Statistical dynamical systems for skills acquisition in humanoids
Imitation is not simply recording and replaying movements. The learned skills require to be generalized to new situations. For example, if someone grasps a bottle of orange juice, shakes it and pours its content into a glass, the robot should be able to reproduce the task even if the position of the bottle and the glass are different than during the demonstrations. The robot should be able to shake the bottle even if its body does not have the same exact shape and configuration of articulations (a.k.a. correspondence problem, retargeting problem, mapping problem).
In contrast to robots in standard industrial settings, humanoids and compliant robots can work in unpredictable environment and in the proximity of users.
Two sets of tools are relevant for learning and reproducing skills in unpredictable environment:
- Probabilistic machine learning tools: they can extract and exploit the regularities and relevant characteristics of the task.
- Dynamical systems: they are able to cope with perturbations in real-time without having to replan the whole trajectory.
We study how to make these two sets of tools work together. The problem can be illustrated as follows. We assume that the motion of the robot is driven by a set of virtual springs that are related (connected) to a set of candidate objects or body parts of the robot. The learning problem consists of estimating when and where to activate these springs. This can be learned from demonstrations by exploiting the invariant characteristics of the task (the parts of the movement that are the same between the multiple demonstrations). The consistent characteristics will result in strong springs, and the irrelevant will result in soft springs.
What does the video show?
By using the same software, we can teach different skills to the robot. Demonstrations were recorded by placing visual markers on an object and on the hands of the user, tracked by the Optitrack system.

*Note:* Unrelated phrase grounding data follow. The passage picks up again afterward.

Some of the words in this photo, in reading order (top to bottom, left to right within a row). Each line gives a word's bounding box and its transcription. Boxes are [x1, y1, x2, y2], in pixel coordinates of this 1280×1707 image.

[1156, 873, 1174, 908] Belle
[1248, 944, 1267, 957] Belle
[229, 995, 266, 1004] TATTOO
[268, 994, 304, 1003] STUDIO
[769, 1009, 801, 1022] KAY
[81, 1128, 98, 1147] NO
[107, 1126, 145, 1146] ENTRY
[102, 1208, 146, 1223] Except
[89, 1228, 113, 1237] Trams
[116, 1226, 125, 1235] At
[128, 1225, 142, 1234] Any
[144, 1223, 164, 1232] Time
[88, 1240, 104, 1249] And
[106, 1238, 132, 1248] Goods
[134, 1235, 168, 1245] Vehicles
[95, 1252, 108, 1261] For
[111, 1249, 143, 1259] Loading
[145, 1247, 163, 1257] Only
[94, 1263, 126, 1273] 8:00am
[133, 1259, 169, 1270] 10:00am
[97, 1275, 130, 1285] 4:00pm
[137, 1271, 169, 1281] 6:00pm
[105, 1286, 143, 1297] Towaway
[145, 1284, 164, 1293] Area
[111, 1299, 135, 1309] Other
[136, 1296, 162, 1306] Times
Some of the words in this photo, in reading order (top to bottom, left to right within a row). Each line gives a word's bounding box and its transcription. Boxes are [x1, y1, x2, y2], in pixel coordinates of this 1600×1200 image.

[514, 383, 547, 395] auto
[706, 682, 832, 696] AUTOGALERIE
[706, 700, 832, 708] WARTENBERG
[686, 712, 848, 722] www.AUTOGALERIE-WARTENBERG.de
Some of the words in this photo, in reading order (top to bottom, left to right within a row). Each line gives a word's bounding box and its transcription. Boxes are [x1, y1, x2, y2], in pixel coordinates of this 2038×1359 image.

When the model is tested with hand clapping movements, the robot extracted that bimanual coordination was required. Namely, that the position of one hand is regulated with respect to the other hand. The clapping motion is not perturbed by moving the object around the robot, because the robot learned that the object was not relevant for this skill (i.e., the springs attached to the object frame are too weak to influence the movement).
When the model is tested with reaching movements, the robot learned that it should use one or the other hand depending on the position of the object. If the object is in the center, the robot can try to grasp it with both hands, by following the behavior previously demonstrated by the user. The hand that is not used for tracking the object automatically comes back to a neutral pose.